Louise Pascale discusses the success of her songbook project, which connected Afghan children with music after a 20-year ban.
A Morning Forum of Los Altos audience learned how repression, war and radical beliefs resulted in music censorship in Afghanistan in a March 19 presentation, “Can You Stop the Birds from Singing? The Cultural Impact of Music Censorship in Afghanistan.”
Speaker Louise Pascale, Ph.D., associate professor and director of creative arts in learning at Lesley University, described her first visit to Afghanistan as a 22-year-old UC Berkeley graduate. Pascale, a music major, and her husband joined the Peace Corps in 1966 and were assigned to teach English in Kabul.
She discovered that music played an enormous role in Afghanistan and became a unifying factor for all ethnic groups. She taught some American songs in school and also collected 16 traditional and familiar native Afghan songs. To the best of her ability, she wrote down the melodies and published them, embellished with children’s drawings.

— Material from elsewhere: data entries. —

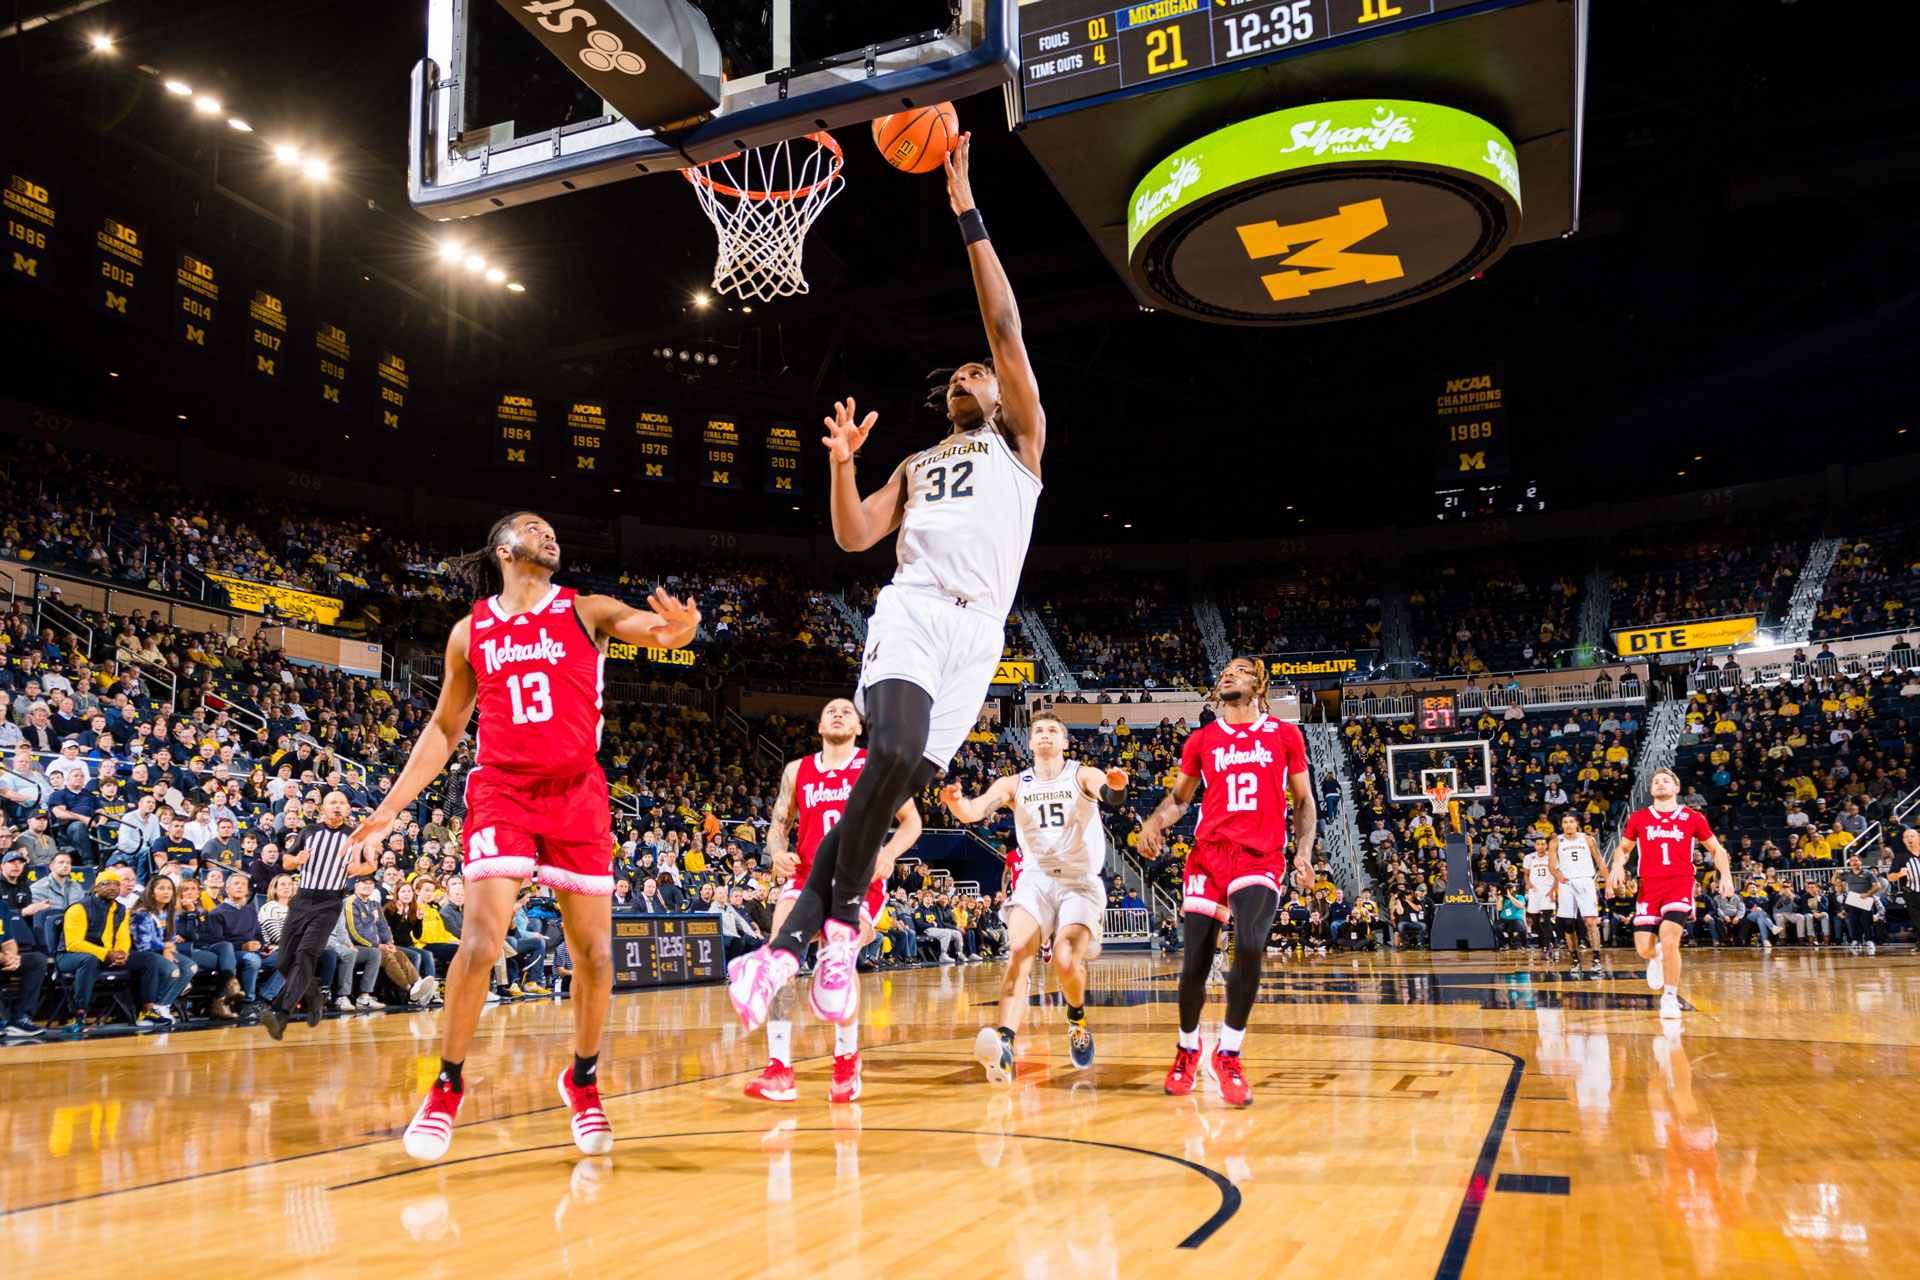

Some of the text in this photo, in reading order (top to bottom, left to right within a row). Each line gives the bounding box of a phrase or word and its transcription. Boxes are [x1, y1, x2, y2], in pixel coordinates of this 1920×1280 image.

[1128, 0, 1198, 26] MICHIGAN
[1039, 18, 1108, 51] FOULS 01
[1223, 0, 1314, 58] 12:35
[1146, 25, 1188, 75] 21
[1029, 44, 1106, 80] TIME OUTS 4
[1280, 109, 1415, 156] Sharifa
[1332, 143, 1373, 154] HALAL
[8, 220, 46, 250] 1986
[1236, 198, 1404, 301] M
[12, 252, 38, 278] M
[101, 261, 135, 288] 2012
[105, 289, 128, 314] M
[182, 297, 212, 321] 2014
[186, 323, 205, 346] M
[253, 329, 282, 351] 2017
[257, 354, 276, 376] M
[320, 359, 345, 381] 2018
[322, 384, 340, 404] M
[1445, 375, 1493, 394] NCAA
[503, 395, 533, 408] NCAA
[1436, 388, 1502, 408] CHAMPIONS
[384, 409, 399, 429] M
[497, 405, 538, 417] FINAL FOUR
[567, 413, 607, 425] FINAL FOUR
[572, 403, 602, 416] NCAA
[641, 412, 669, 424] NCAA
[32, 411, 73, 433] 207
[636, 422, 656, 433] FINAL
[657, 425, 673, 434] FOUR
[707, 420, 735, 432] NCAA
[1449, 421, 1493, 442] 1989
[502, 427, 532, 441] 1964
[572, 434, 601, 448] 1965
[703, 430, 739, 441] FINAL FOUR
[765, 437, 801, 447] FINAL FOUR
[770, 427, 797, 439] NCAA
[506, 448, 526, 463] M
[641, 442, 668, 456] 1976
[708, 450, 734, 464] 1989
[914, 441, 989, 473] MICHIGAN
[576, 455, 596, 470] M
[645, 463, 663, 477] M
[771, 457, 796, 469] 2013
[1458, 450, 1486, 472] M
[288, 472, 323, 490] 208
[712, 470, 730, 484] M
[775, 476, 792, 490] M
[925, 460, 974, 503] 32
[709, 534, 736, 549] 210
[229, 591, 316, 615] CREDIT UNION
[292, 593, 343, 609] MICHIGAN
[955, 597, 968, 609] M
[1630, 629, 1686, 652] DTE
[480, 628, 566, 674] Nebraska
[1271, 659, 1357, 675] #CrislerLIVE
[506, 672, 554, 725] 13
[1424, 708, 1451, 730] 27
[1212, 740, 1273, 772] Nebraska
[1023, 791, 1072, 804] MICHIGAN
[1226, 773, 1257, 812] 12
[1038, 803, 1065, 828] 15
[469, 826, 499, 861] N
[1645, 825, 1684, 842] Nebraska
[1571, 851, 1578, 861] 5
[1661, 843, 1671, 865] 1
[1537, 868, 1546, 877] 13
[1187, 874, 1207, 895] N
[1445, 895, 1473, 903] UMCU
[626, 942, 642, 967] 21
[697, 940, 713, 963] 12

When Pascale’s tour of duty in the Peace Corps ended in 1968, she returned to the U.S. She said it never occurred to her that, years later, Afghanistan would be at war and under Taliban rule.
After the Soviet invasion of Afghanistan in 1979, music censorship increased, Pascale said. By 1992, with the Taliban in power, the government banned all music, as well as stereo systems, cassette players, TVs, dance, theater, film, cameras, photography, sculpture, magazines, newspapers, most books, festivities and children’s toys. Only religious chants were allowed.

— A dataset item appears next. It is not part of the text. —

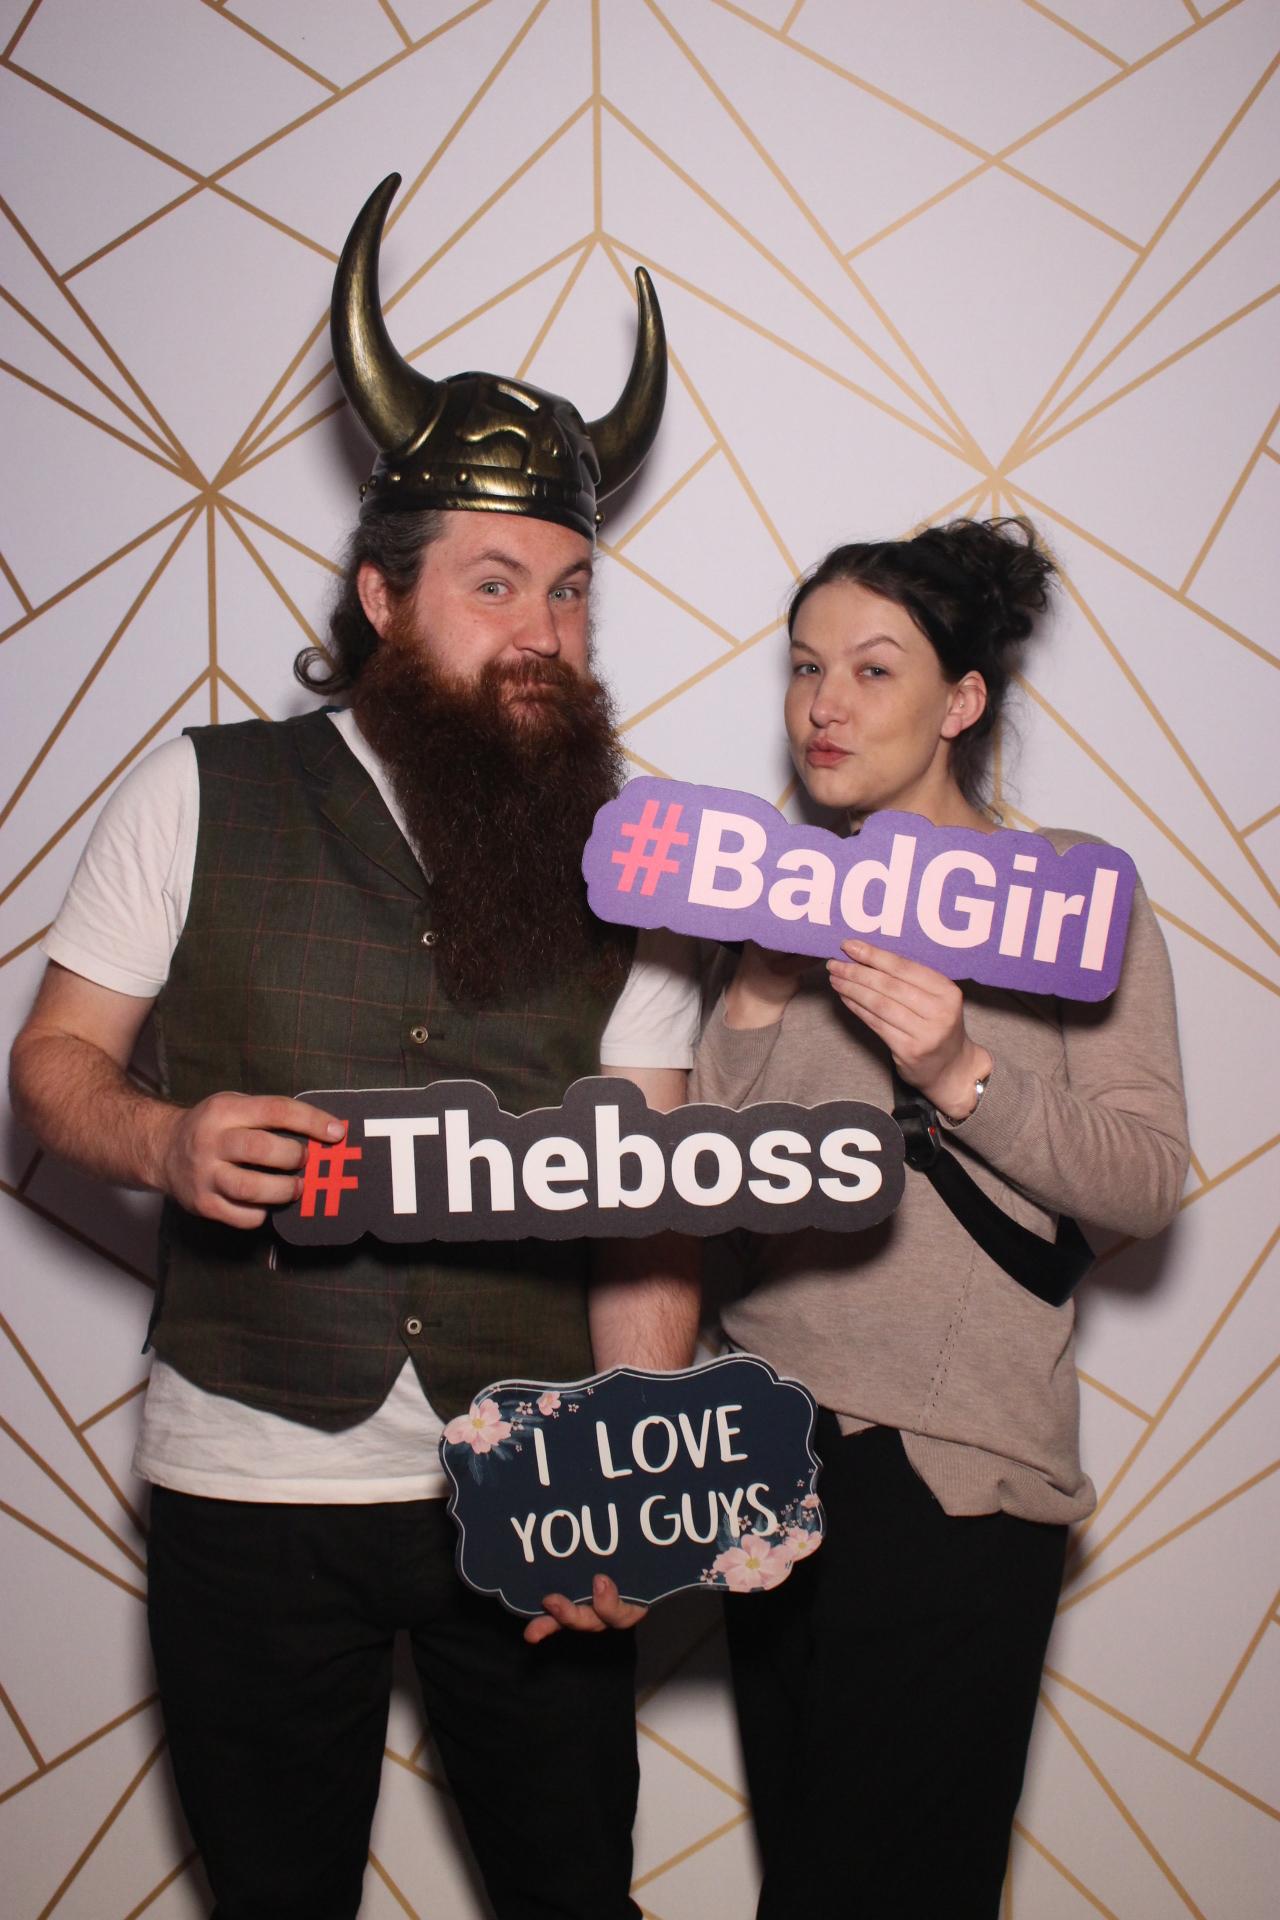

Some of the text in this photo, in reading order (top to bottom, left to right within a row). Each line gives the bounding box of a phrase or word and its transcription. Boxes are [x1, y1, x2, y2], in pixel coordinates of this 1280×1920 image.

[611, 799, 1119, 971] #BadGirl
[299, 1104, 882, 1218] #Theboss
[533, 1404, 748, 1486] I LOVE
[510, 1482, 778, 1563] YOU GUYS

After the U.S.-led invasion in 2001, Pascale wanted to return those Afghan songs she had collected to the children of Afghanistan, who had been denied music by the oppressive regime. She collaborated with a number of Afghans on the Afghan Children’s Songbook Project, creating and distributing a children’s songbook in Farsi and other Afghan languages.
She returned to Afghanistan in 2009 to gauge the success of the songbook project. She visited many villages, including Kunduz in the north, where 250 schoolchildren, in traditional dress, had learned the songs and performed for her.
Today, 40,000 copies of the songbook as well as teachers’ guides are in the hands of children and teachers in village schools and orphanages throughout Afghanistan. The songbook project recently received a grant from the U.S. State Department. A second songbook is scheduled for distribution this year.
The children of Afghanistan are singing once again.